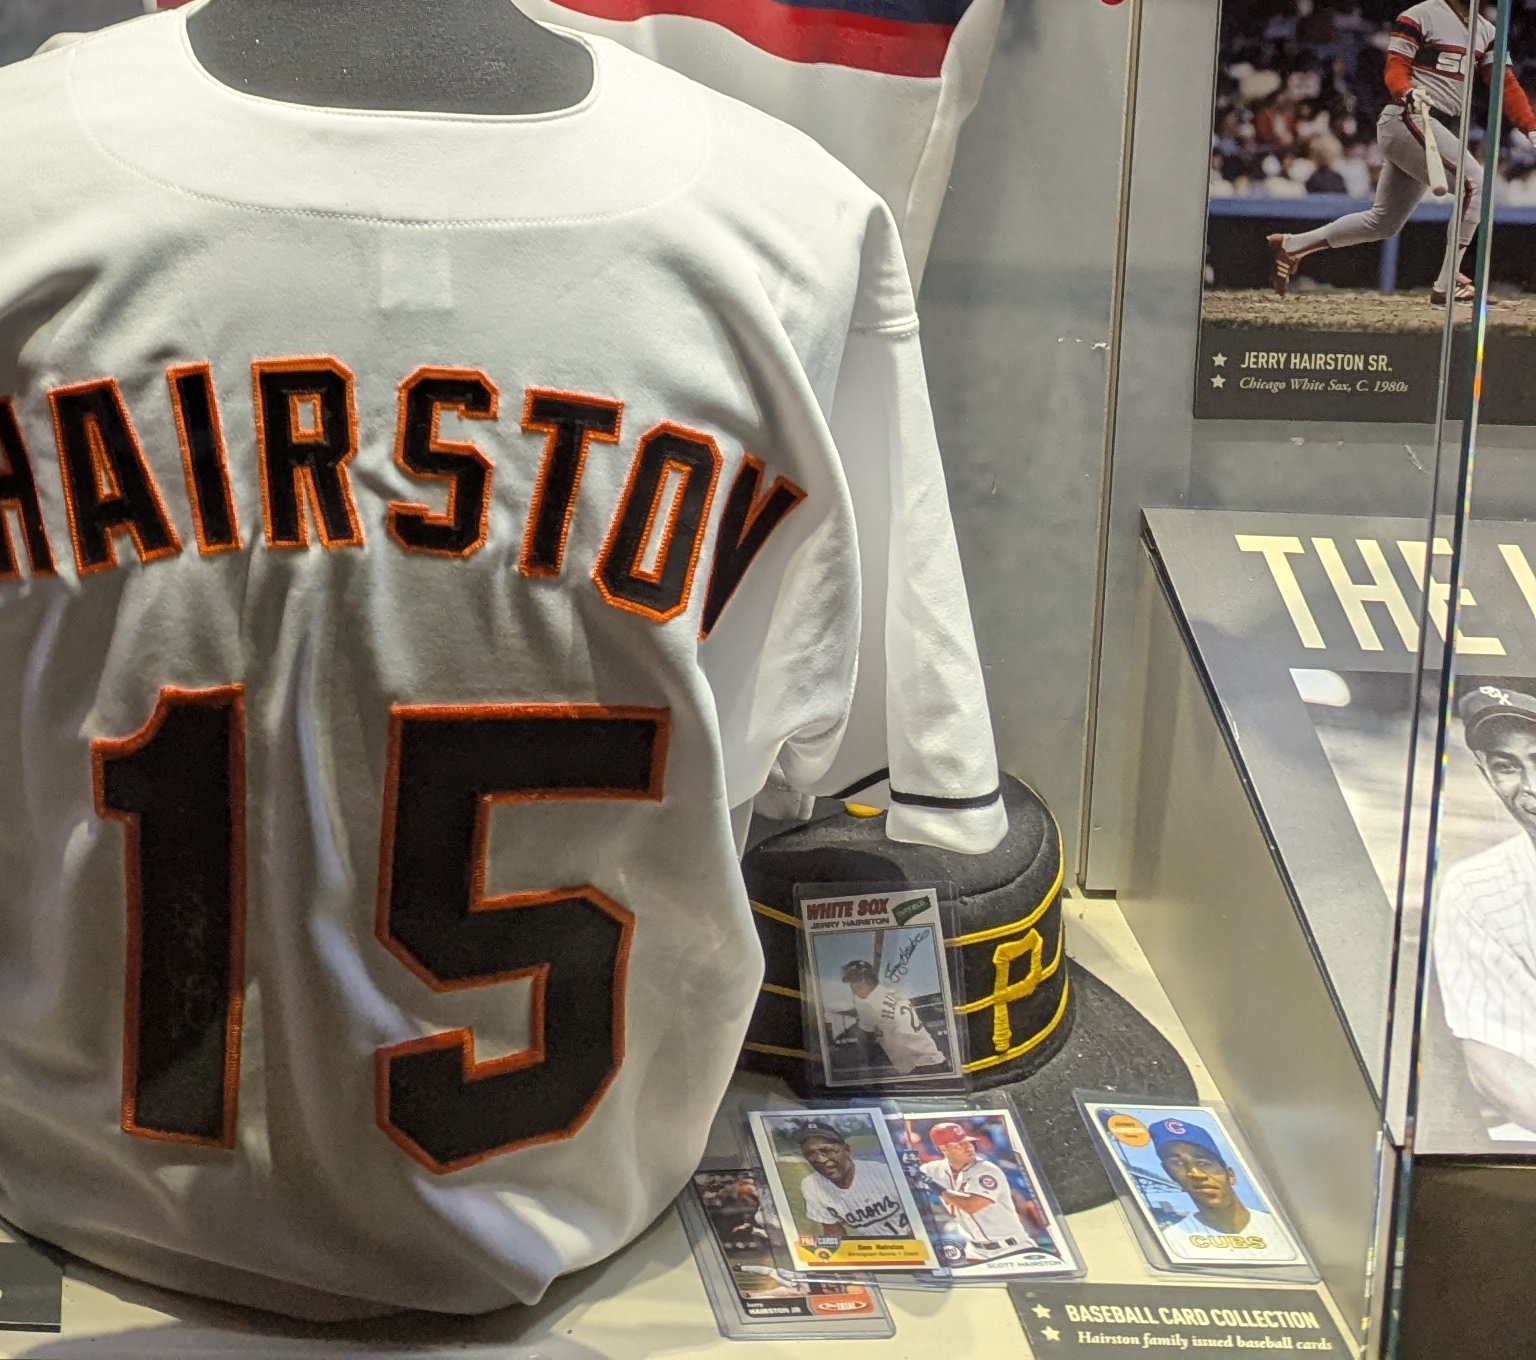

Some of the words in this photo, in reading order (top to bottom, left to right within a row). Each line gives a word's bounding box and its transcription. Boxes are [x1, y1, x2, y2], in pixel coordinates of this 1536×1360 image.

[1241, 351, 1287, 369] JERRY
[1290, 352, 1364, 371] HAIRSTON
[1368, 354, 1393, 372] SR.
[1240, 376, 1287, 393] Chicago
[1290, 377, 1325, 392] White
[1328, 378, 1352, 394] Sox,
[1355, 379, 1370, 392] C.
[1373, 379, 1408, 393] 1980s
[1235, 534, 1506, 656] THE
[806, 901, 854, 920] WHITE
[857, 898, 889, 917] SOX
[91, 684, 671, 1175] 15
[810, 921, 840, 929] JERRY
[992, 928, 1043, 1052] P
[1189, 1235, 1267, 1249] CUBS
[1065, 1305, 1159, 1325] BASEBALL
[1159, 1307, 1210, 1326] CARD
[1211, 1309, 1320, 1329] COLLECTION
[1078, 1331, 1139, 1346] Hairston
[1142, 1332, 1188, 1349] family
[1192, 1334, 1233, 1348] issued
[1236, 1334, 1293, 1350] baseball
[1296, 1338, 1332, 1351] cards
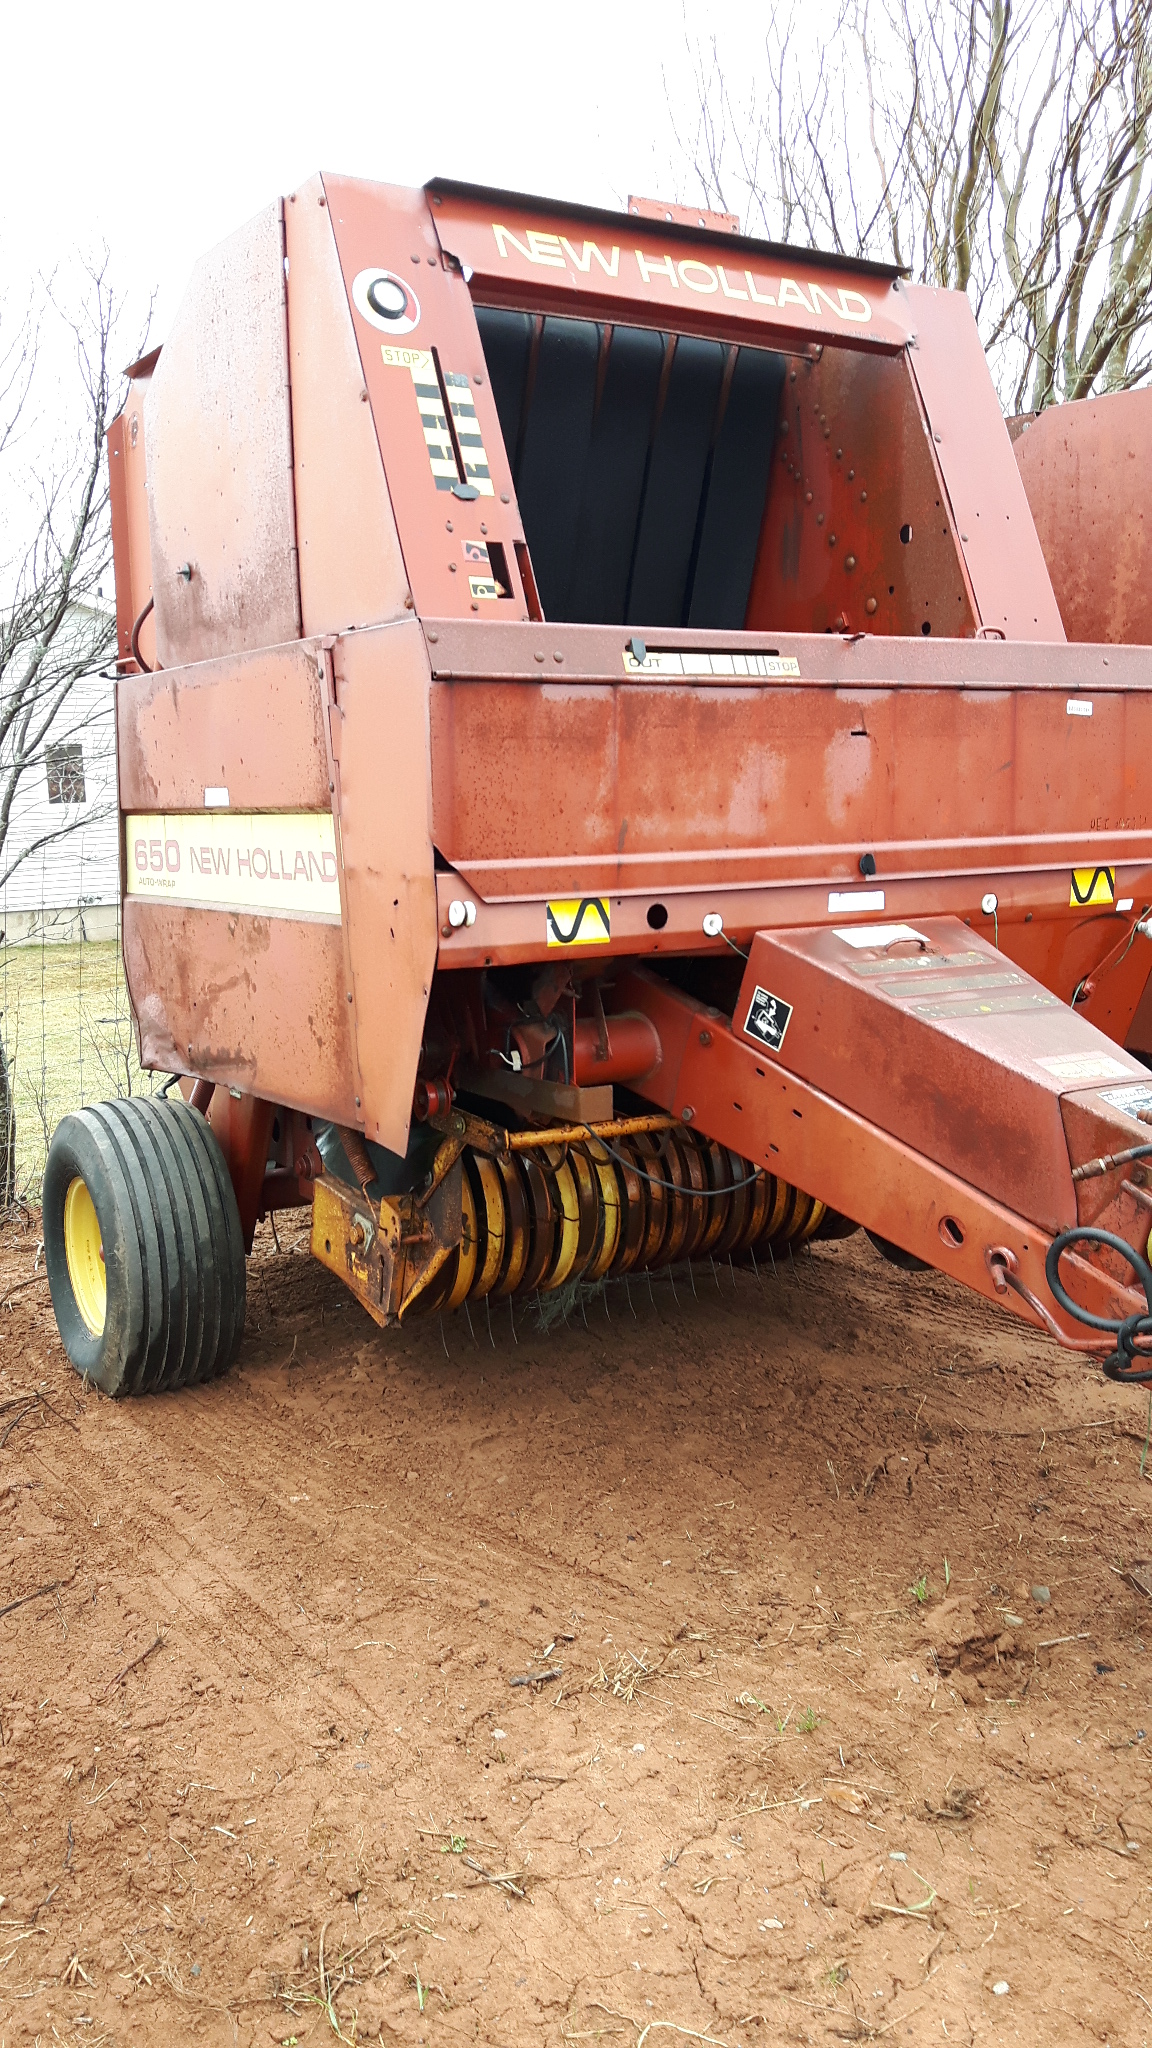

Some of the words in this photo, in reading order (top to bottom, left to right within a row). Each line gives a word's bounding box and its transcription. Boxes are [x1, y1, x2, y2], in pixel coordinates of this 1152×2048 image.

[492, 223, 620, 278] NEW
[634, 249, 873, 323] HOLLAND
[384, 349, 420, 364] STOP
[628, 657, 662, 668] OUT
[768, 661, 798, 671] STOP
[134, 838, 181, 873] 650
[190, 846, 231, 876] NEW
[236, 847, 339, 883] HOLLAND
[138, 876, 176, 889] AUTO-WRAP

- - - - -

* [YOUR TASK]:
Return the entries verbatim without images.

* [ANSWER SPACE]:
Some of the words in this photo, in reading order (top to bottom, left to right within a row). Each line gives a word's bounding box and its transcription. Boxes are [x1, y1, x2, y2], in pixel coordinates of this 1536×1360 image.

[1241, 351, 1287, 369] JERRY
[1290, 352, 1364, 371] HAIRSTON
[1368, 354, 1393, 372] SR.
[1240, 376, 1287, 393] Chicago
[1290, 377, 1325, 392] White
[1328, 378, 1352, 394] Sox,
[1355, 379, 1370, 392] C.
[1373, 379, 1408, 393] 1980s
[1235, 534, 1506, 656] THE
[806, 901, 854, 920] WHITE
[857, 898, 889, 917] SOX
[91, 684, 671, 1175] 15
[810, 921, 840, 929] JERRY
[992, 928, 1043, 1052] P
[1189, 1235, 1267, 1249] CUBS
[1065, 1305, 1159, 1325] BASEBALL
[1159, 1307, 1210, 1326] CARD
[1211, 1309, 1320, 1329] COLLECTION
[1078, 1331, 1139, 1346] Hairston
[1142, 1332, 1188, 1349] family
[1192, 1334, 1233, 1348] issued
[1236, 1334, 1293, 1350] baseball
[1296, 1338, 1332, 1351] cards

Some of the words in this photo, in reading order (top to bottom, left to right within a row). Each line gives a word's bounding box and its transcription. Boxes are [x1, y1, x2, y2], in pixel coordinates of this 1152×2048 image.

[492, 223, 620, 278] NEW
[634, 249, 873, 323] HOLLAND
[384, 349, 420, 364] STOP
[628, 657, 662, 668] OUT
[768, 661, 798, 671] STOP
[134, 838, 181, 873] 650
[190, 846, 231, 876] NEW
[236, 847, 339, 883] HOLLAND
[138, 876, 176, 889] AUTO-WRAP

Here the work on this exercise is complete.